Estos plásticos, aunque no se descompongan, sí se fracturan en
partículas diminutas que son ingeridas por los animales marinos y,
posteriormente, por los seres humanos. Es un tema que a todos debería
preocuparnos, incluso a los más egoístas. Sin embargo, hay algo
que me pregunto siempre que veo noticias sobre este tema.
Los medios
de comunicación son alarmistas, y este es uno de los pocos temas en
lo que hacen bien por serlo. Pero cuando se habla de las toneladas de
plástico que flotan en las aguas o son recogidas del fondo marino,
la duda que surge es ¿de dónde viene todo ese plástico? De
nosotros, claro.
Nosotros envasamos todo tipo de productos en
plástico, a menudo mucho más de lo necesario. Pero, aunque estoy
seguro de que aquí y en todas partes habrá energúmenos que tiren
los plásticos al suelo para que se los lleve el viento (y acaben
así, a través de los ríos, yendo al mar), estoy seguro de que la
mayoría de las personas tira sus plásticos, si no al contenedor de
reciclaje correspondiente, sí al menos a la basura.
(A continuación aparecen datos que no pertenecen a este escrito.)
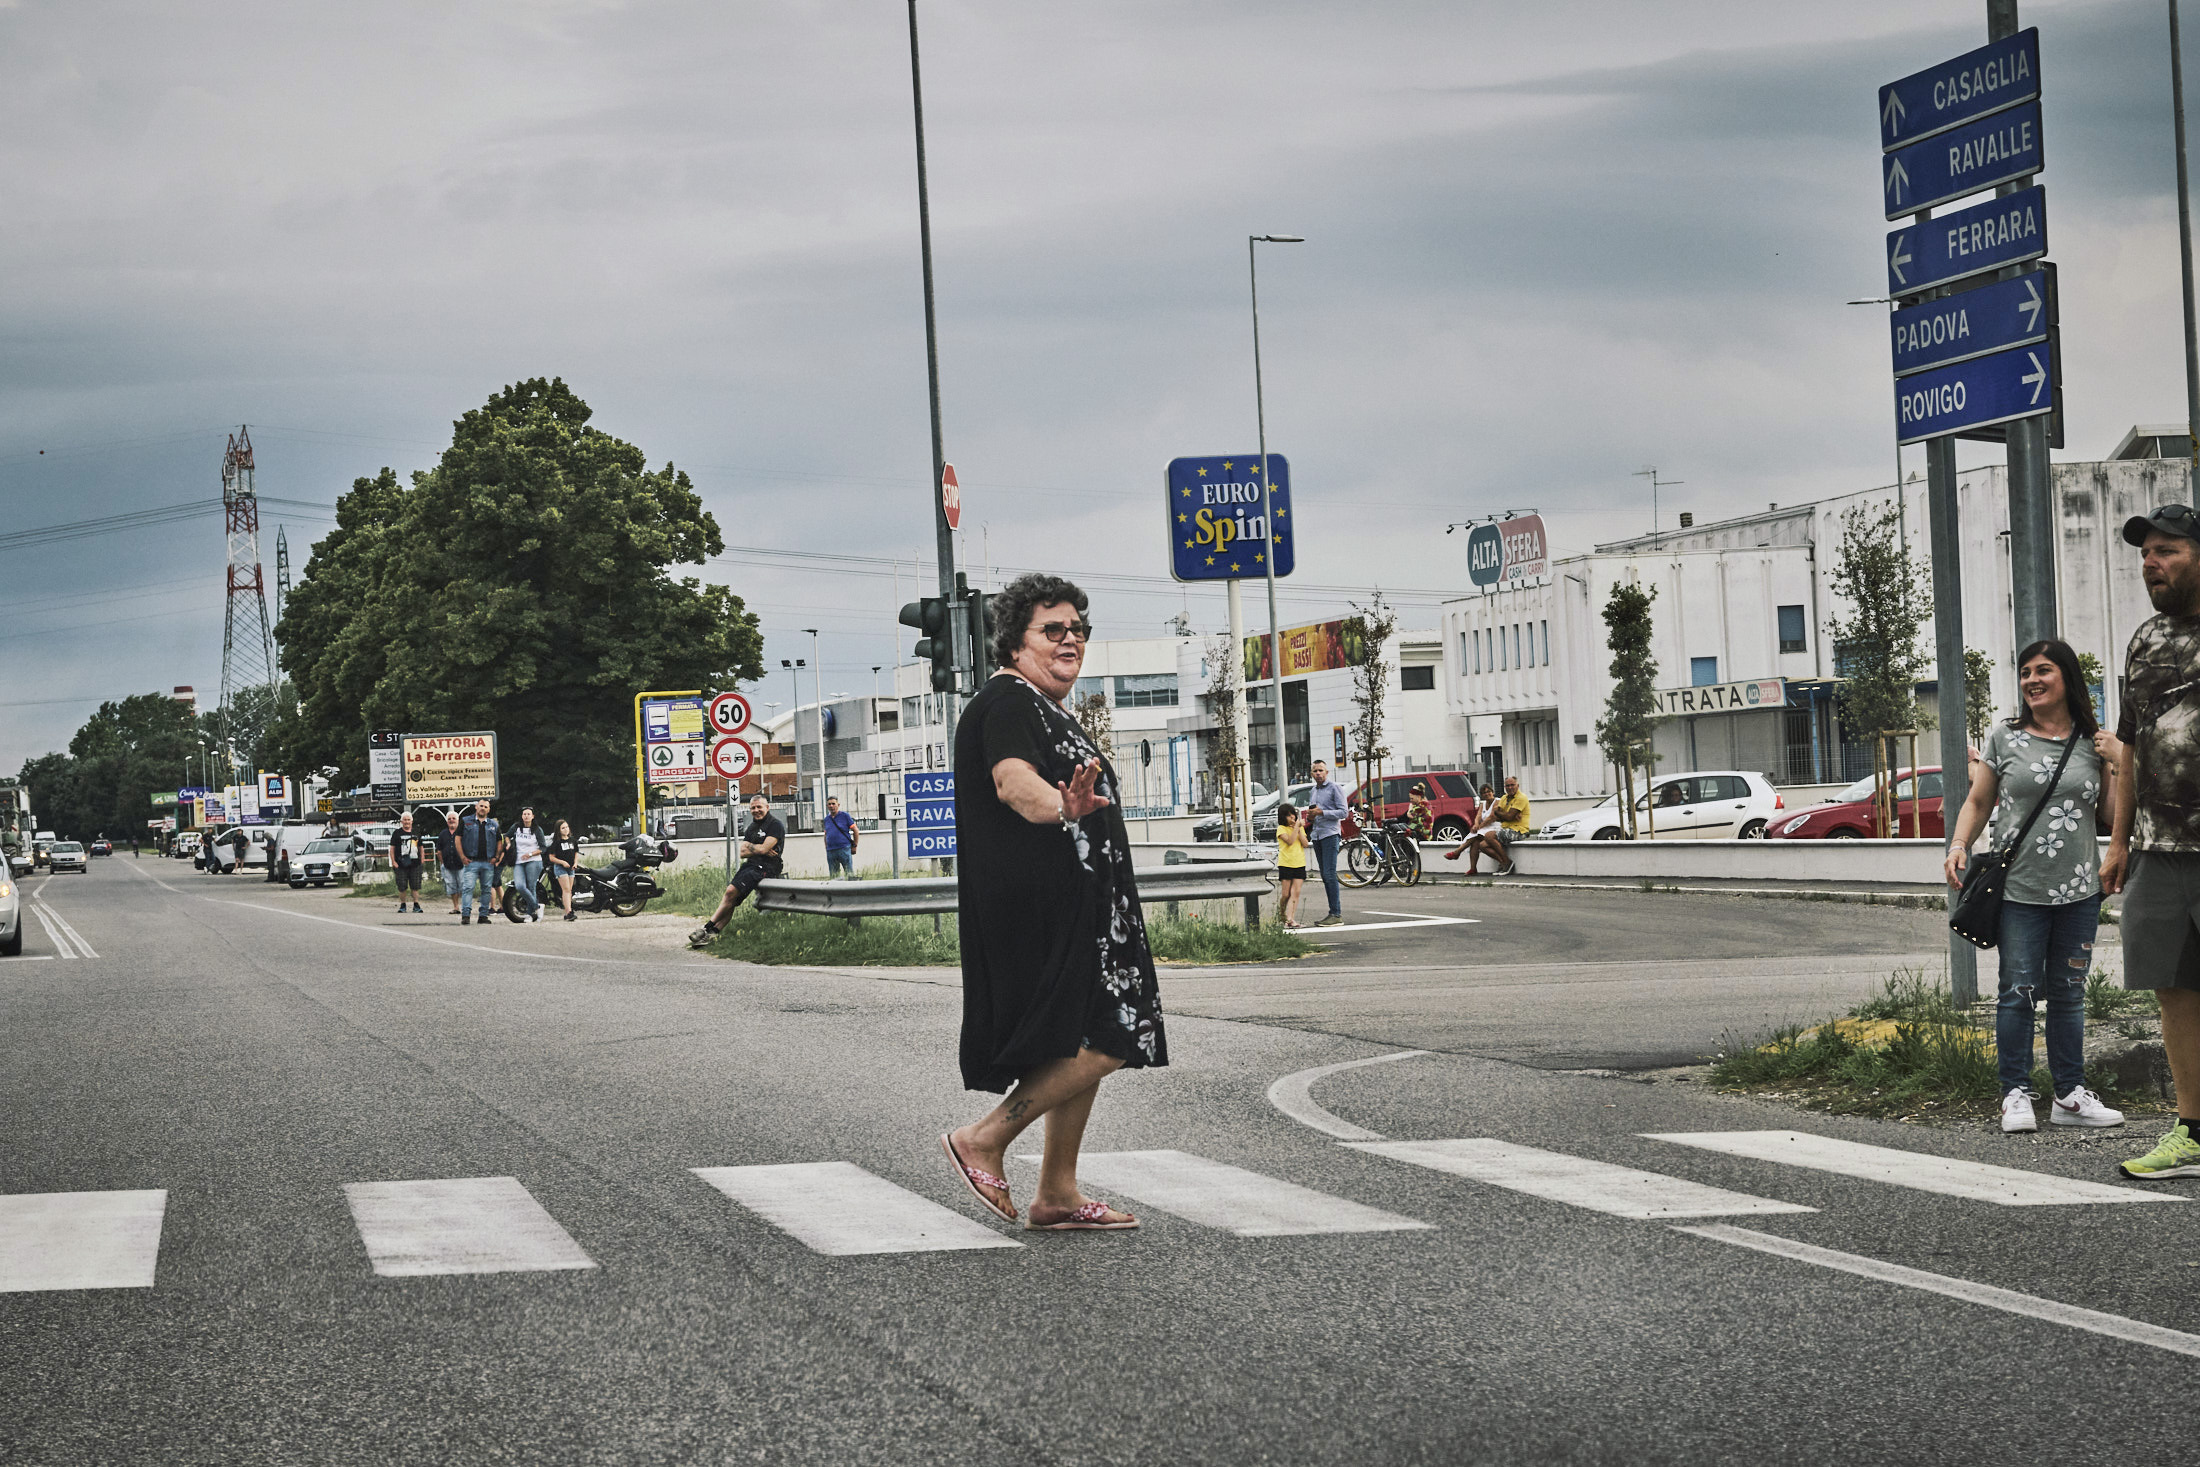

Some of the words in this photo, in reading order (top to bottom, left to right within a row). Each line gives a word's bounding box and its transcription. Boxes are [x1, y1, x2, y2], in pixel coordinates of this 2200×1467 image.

Y la basura, esa
que apretujamos en bolsas (de plástico) y sacamos a la calle para
que se la lleve un camión, no debería terminar en el mar.
Se supone
que la basura doméstica, en el peor de los casos, acaba enterrada en
vertederos, que no es que sea una buena solución, pero queda lejos
de las aguas Entonces, ¿de dónde sale tanto plástico? Pues resulta
que las toneladas de plástico que se recogen a través del reciclaje
se vende a otros países, sobre todo del sudeste asiático. Solamente
China ya recibió siete millones de toneladas de residuos plásticos
en 2017. En estos países, apenas una pequeña parte de los residuos
son realmente reciclados, y la mayor parte termina, aprovechando la
falta de control, en el mar.
El problema no sólo atañe a los
plásticos. Existe una organización llamada BAN (Basel Action
Network) que se dedica a combatir la exportación de residuos,
especialmente deshechos electrónicos, que tienen partes muy
contaminantes y que pueden ser seguidos con más facilidad que los
plásticos. A pesar de que en EEUU, donde trabaja esta organización,
existe la prohibición de exportar estos residuos, los medios de BAN
han descubierto que gran parte del material electrónico que debía
ser reciclado es vendido a países asiáticos para ser desmantelado
sin molestas medidas de seguridad.
Gracias al uso de rastreadores
GPS, esta organización ha destapado un fraude y puesto al
descubierto el destino de toneladas de residuos electrónicos. Así
pues, ¿de qué sirve que usemos los contenedores de reciclaje? Si
nuestros gobiernos entregan la gestión de residuos a empresas
privadas que los venden a otros países para que sea desechada de
cualquier manera, lo único que hacemos es limpiar nuestras
conciencias y mirar para otro lado mientras dejamos que el problema
siga creciendo.
La responsabilidad no debe estar sólo en el
ciudadano que lleva la basura hasta un contenedor de reciclaje,
también hay que regular qué se hace luego con esos residuos, o en
pocos veranos nuestras playas, junto a las plagas de medusas, se
verán asoladas por plagas de bolsas de plástico.